§ **ASSIGNMENT**:
When you write out the records, keep every word exact and drop the pictures.

(Items listed in a dataset)
+++

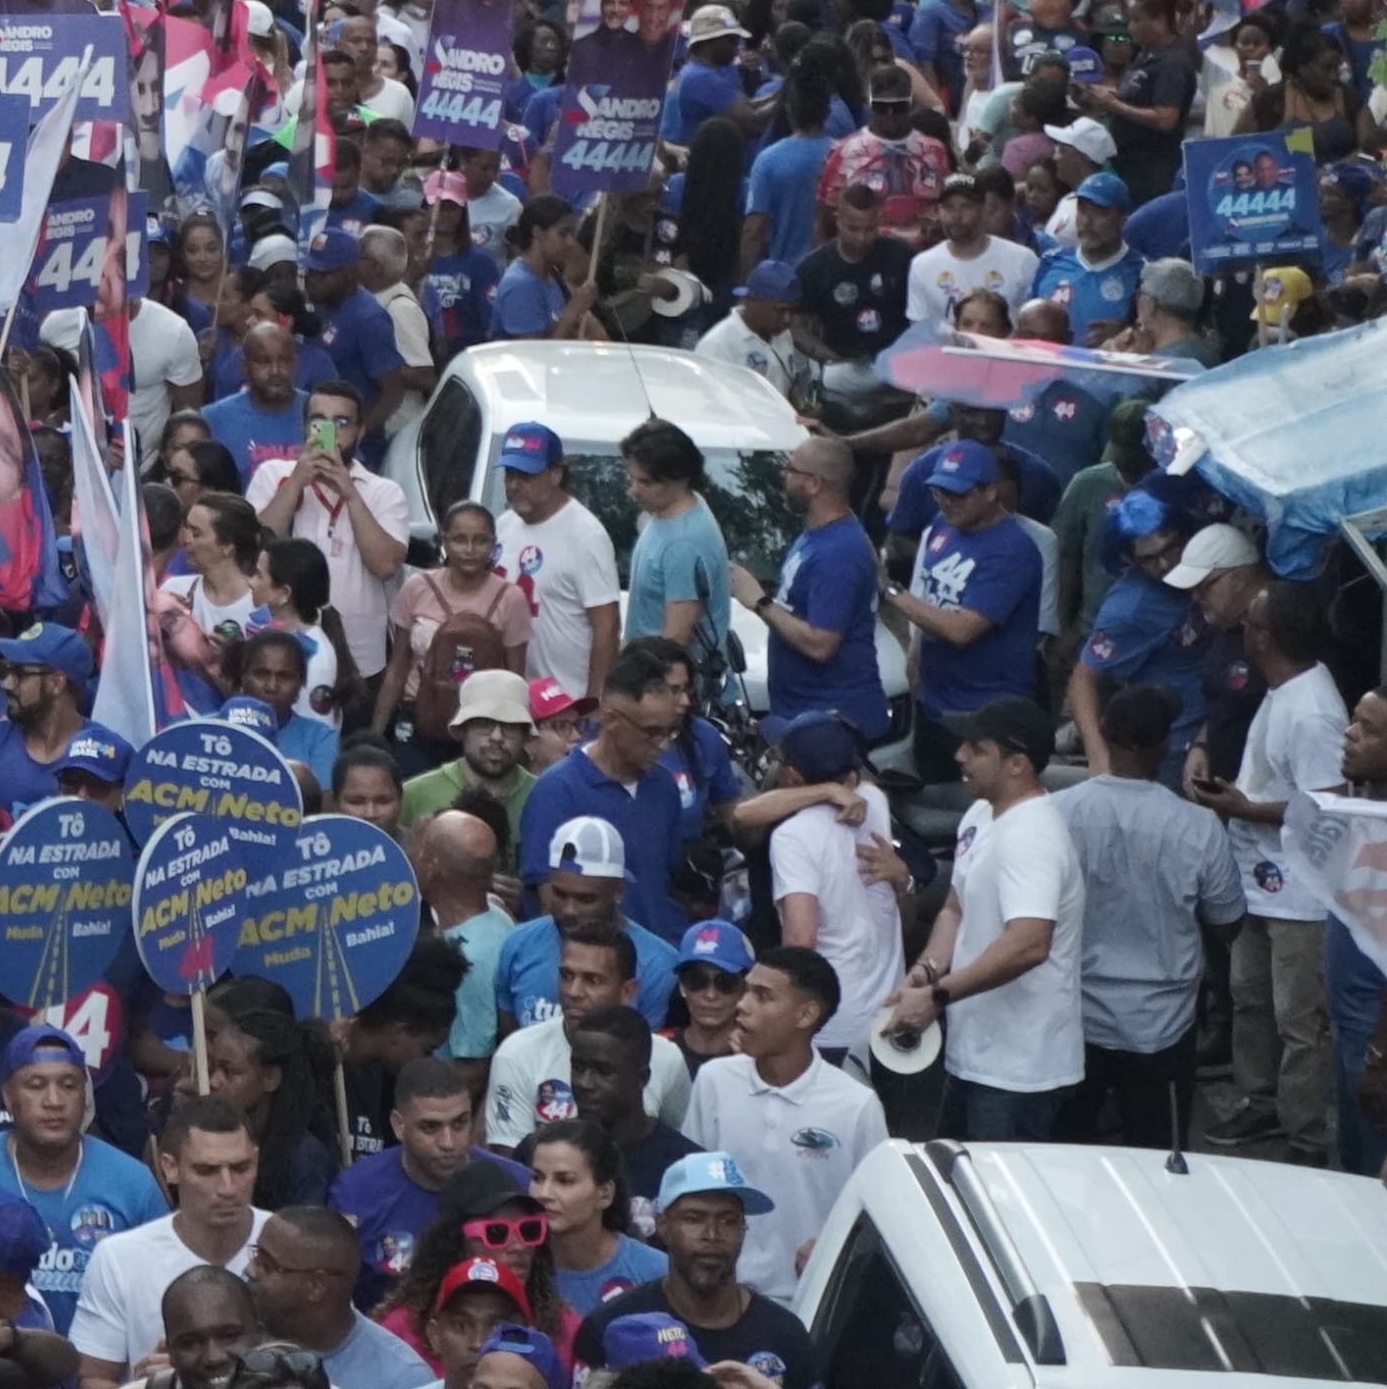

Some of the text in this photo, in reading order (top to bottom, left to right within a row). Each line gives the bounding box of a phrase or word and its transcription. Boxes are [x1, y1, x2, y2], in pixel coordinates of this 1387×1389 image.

[421, 94, 502, 130] 44444
[560, 139, 655, 175] 44444
[1215, 187, 1297, 217] 44444
[200, 731, 233, 757] TÔ
[146, 748, 281, 786] NA ESTRADA
[200, 774, 232, 791] COM
[125, 778, 302, 827] ACM Neto
[58, 812, 85, 839] TÔ
[173, 824, 196, 852] TÔ
[7, 840, 121, 866] NA ESTRADA
[294, 831, 332, 861] TÔ
[53, 866, 80, 880] COM
[145, 834, 230, 889] NA ESTRADA
[245, 844, 387, 899] NA ESTRADA
[179, 870, 202, 887] COM
[305, 882, 338, 900] COM
[65, 880, 131, 910] Neto
[139, 867, 248, 938] ACM Neto
[236, 881, 416, 948] ACM Neto
[539, 1101, 577, 1120] 44

+++

§ **TASK SOLUTION**:
Some of the text in this photo, in reading order (top to bottom, left to right within a row). Each line gives the bounding box of a phrase or word and its transcription. Boxes are [x1, y1, x2, y2], in pixel coordinates of this 1387×1389 image.

[421, 94, 502, 130] 44444
[560, 139, 655, 175] 44444
[1215, 187, 1297, 217] 44444
[200, 731, 233, 757] TÔ
[146, 748, 281, 786] NA ESTRADA
[200, 774, 232, 791] COM
[125, 778, 302, 827] ACM Neto
[58, 812, 85, 839] TÔ
[173, 824, 196, 852] TÔ
[7, 840, 121, 866] NA ESTRADA
[294, 831, 332, 861] TÔ
[53, 866, 80, 880] COM
[145, 834, 230, 889] NA ESTRADA
[245, 844, 387, 899] NA ESTRADA
[179, 870, 202, 887] COM
[305, 882, 338, 900] COM
[65, 880, 131, 910] Neto
[139, 867, 248, 938] ACM Neto
[236, 881, 416, 948] ACM Neto
[539, 1101, 577, 1120] 44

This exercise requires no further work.